Records contained in a dataset:
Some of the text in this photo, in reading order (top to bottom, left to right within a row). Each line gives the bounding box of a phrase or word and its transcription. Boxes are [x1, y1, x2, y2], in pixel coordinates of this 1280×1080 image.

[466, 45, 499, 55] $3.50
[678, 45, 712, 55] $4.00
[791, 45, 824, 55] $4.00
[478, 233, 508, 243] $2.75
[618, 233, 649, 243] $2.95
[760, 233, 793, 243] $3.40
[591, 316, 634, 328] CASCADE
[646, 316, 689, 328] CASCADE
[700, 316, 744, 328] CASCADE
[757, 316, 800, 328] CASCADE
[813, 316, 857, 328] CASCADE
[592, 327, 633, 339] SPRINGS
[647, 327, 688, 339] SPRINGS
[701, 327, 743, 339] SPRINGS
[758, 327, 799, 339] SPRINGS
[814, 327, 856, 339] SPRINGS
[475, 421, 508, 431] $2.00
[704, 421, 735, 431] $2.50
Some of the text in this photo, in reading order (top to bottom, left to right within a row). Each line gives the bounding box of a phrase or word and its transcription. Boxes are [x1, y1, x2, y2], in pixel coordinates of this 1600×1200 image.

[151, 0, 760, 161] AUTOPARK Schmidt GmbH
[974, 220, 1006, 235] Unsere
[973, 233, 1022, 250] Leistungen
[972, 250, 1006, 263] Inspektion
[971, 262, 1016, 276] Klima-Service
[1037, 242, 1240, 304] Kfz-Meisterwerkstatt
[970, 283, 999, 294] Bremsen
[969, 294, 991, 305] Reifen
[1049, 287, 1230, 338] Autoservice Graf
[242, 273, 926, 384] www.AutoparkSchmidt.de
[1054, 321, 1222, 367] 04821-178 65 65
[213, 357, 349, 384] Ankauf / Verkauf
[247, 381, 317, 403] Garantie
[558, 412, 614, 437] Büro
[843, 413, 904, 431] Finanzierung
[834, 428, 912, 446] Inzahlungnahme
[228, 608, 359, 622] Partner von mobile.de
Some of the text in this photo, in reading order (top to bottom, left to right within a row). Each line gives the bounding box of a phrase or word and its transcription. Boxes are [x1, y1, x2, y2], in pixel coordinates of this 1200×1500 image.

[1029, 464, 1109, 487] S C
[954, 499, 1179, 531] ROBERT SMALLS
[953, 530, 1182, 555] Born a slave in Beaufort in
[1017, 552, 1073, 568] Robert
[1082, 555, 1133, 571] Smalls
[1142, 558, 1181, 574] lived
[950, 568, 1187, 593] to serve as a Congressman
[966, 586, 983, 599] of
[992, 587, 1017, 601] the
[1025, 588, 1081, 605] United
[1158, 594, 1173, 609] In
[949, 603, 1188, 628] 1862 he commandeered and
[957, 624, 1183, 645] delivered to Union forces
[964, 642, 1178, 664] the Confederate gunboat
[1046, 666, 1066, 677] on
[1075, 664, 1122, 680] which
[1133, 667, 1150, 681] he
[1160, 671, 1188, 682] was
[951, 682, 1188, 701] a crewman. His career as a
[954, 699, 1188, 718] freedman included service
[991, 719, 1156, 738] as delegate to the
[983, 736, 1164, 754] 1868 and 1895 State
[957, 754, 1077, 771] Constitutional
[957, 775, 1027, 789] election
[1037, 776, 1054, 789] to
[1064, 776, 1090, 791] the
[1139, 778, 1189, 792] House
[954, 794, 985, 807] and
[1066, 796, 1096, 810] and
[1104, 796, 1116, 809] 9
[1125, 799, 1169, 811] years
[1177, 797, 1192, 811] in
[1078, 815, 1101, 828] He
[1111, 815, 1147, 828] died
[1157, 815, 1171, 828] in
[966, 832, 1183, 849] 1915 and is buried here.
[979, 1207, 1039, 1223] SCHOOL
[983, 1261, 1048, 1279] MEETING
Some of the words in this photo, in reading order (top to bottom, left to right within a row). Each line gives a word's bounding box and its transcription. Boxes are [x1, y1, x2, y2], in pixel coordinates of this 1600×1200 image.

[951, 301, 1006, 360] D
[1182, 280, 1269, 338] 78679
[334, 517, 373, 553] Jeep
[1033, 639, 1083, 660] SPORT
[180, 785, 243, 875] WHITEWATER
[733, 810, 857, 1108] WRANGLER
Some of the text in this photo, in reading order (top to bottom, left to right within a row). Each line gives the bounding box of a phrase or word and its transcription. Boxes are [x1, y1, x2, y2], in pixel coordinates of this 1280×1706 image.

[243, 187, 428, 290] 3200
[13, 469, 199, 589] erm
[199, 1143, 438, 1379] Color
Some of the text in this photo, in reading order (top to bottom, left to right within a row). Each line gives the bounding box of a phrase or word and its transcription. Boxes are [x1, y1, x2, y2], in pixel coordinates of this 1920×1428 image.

WHAT TO WORK ON: Output all of the records, keeping every word exact.

OUTPUT BELOW:
Some of the text in this photo, in reading order (top to bottom, left to right within a row). Each line gives the bounding box of a phrase or word and its transcription. Boxes are [x1, y1, x2, y2], in pixel coordinates of this 1280×1080 image.

[466, 45, 499, 55] $3.50
[678, 45, 712, 55] $4.00
[791, 45, 824, 55] $4.00
[478, 233, 508, 243] $2.75
[618, 233, 649, 243] $2.95
[760, 233, 793, 243] $3.40
[591, 316, 634, 328] CASCADE
[646, 316, 689, 328] CASCADE
[700, 316, 744, 328] CASCADE
[757, 316, 800, 328] CASCADE
[813, 316, 857, 328] CASCADE
[592, 327, 633, 339] SPRINGS
[647, 327, 688, 339] SPRINGS
[701, 327, 743, 339] SPRINGS
[758, 327, 799, 339] SPRINGS
[814, 327, 856, 339] SPRINGS
[475, 421, 508, 431] $2.00
[704, 421, 735, 431] $2.50
Some of the text in this photo, in reading order (top to bottom, left to right within a row). Each line gives the bounding box of a phrase or word and its transcription. Boxes are [x1, y1, x2, y2], in pixel coordinates of this 1600×1200 image.

[151, 0, 760, 161] AUTOPARK Schmidt GmbH
[974, 220, 1006, 235] Unsere
[973, 233, 1022, 250] Leistungen
[972, 250, 1006, 263] Inspektion
[971, 262, 1016, 276] Klima-Service
[1037, 242, 1240, 304] Kfz-Meisterwerkstatt
[970, 283, 999, 294] Bremsen
[969, 294, 991, 305] Reifen
[1049, 287, 1230, 338] Autoservice Graf
[242, 273, 926, 384] www.AutoparkSchmidt.de
[1054, 321, 1222, 367] 04821-178 65 65
[213, 357, 349, 384] Ankauf / Verkauf
[247, 381, 317, 403] Garantie
[558, 412, 614, 437] Büro
[843, 413, 904, 431] Finanzierung
[834, 428, 912, 446] Inzahlungnahme
[228, 608, 359, 622] Partner von mobile.de
Some of the text in this photo, in reading order (top to bottom, left to right within a row). Each line gives the bounding box of a phrase or word and its transcription. Boxes are [x1, y1, x2, y2], in pixel coordinates of this 1200×1500 image.

[1029, 464, 1109, 487] S C
[954, 499, 1179, 531] ROBERT SMALLS
[953, 530, 1182, 555] Born a slave in Beaufort in
[1017, 552, 1073, 568] Robert
[1082, 555, 1133, 571] Smalls
[1142, 558, 1181, 574] lived
[950, 568, 1187, 593] to serve as a Congressman
[966, 586, 983, 599] of
[992, 587, 1017, 601] the
[1025, 588, 1081, 605] United
[1158, 594, 1173, 609] In
[949, 603, 1188, 628] 1862 he commandeered and
[957, 624, 1183, 645] delivered to Union forces
[964, 642, 1178, 664] the Confederate gunboat
[1046, 666, 1066, 677] on
[1075, 664, 1122, 680] which
[1133, 667, 1150, 681] he
[1160, 671, 1188, 682] was
[951, 682, 1188, 701] a crewman. His career as a
[954, 699, 1188, 718] freedman included service
[991, 719, 1156, 738] as delegate to the
[983, 736, 1164, 754] 1868 and 1895 State
[957, 754, 1077, 771] Constitutional
[957, 775, 1027, 789] election
[1037, 776, 1054, 789] to
[1064, 776, 1090, 791] the
[1139, 778, 1189, 792] House
[954, 794, 985, 807] and
[1066, 796, 1096, 810] and
[1104, 796, 1116, 809] 9
[1125, 799, 1169, 811] years
[1177, 797, 1192, 811] in
[1078, 815, 1101, 828] He
[1111, 815, 1147, 828] died
[1157, 815, 1171, 828] in
[966, 832, 1183, 849] 1915 and is buried here.
[979, 1207, 1039, 1223] SCHOOL
[983, 1261, 1048, 1279] MEETING
Some of the words in this photo, in reading order (top to bottom, left to right within a row). Each line gives a word's bounding box and its transcription. Boxes are [x1, y1, x2, y2], in pixel coordinates of this 1600×1200 image.

[951, 301, 1006, 360] D
[1182, 280, 1269, 338] 78679
[334, 517, 373, 553] Jeep
[1033, 639, 1083, 660] SPORT
[180, 785, 243, 875] WHITEWATER
[733, 810, 857, 1108] WRANGLER
Some of the text in this photo, in reading order (top to bottom, left to right within a row). Each line gives the bounding box of a phrase or word and its transcription. Boxes are [x1, y1, x2, y2], in pixel coordinates of this 1280×1706 image.

[243, 187, 428, 290] 3200
[13, 469, 199, 589] erm
[199, 1143, 438, 1379] Color
Some of the text in this photo, in reading order (top to bottom, left to right within a row). Each line gives the bounding box of a phrase or word and its transcription. Boxes are [x1, y1, x2, y2], in pixel coordinates of this 1920×1428 image.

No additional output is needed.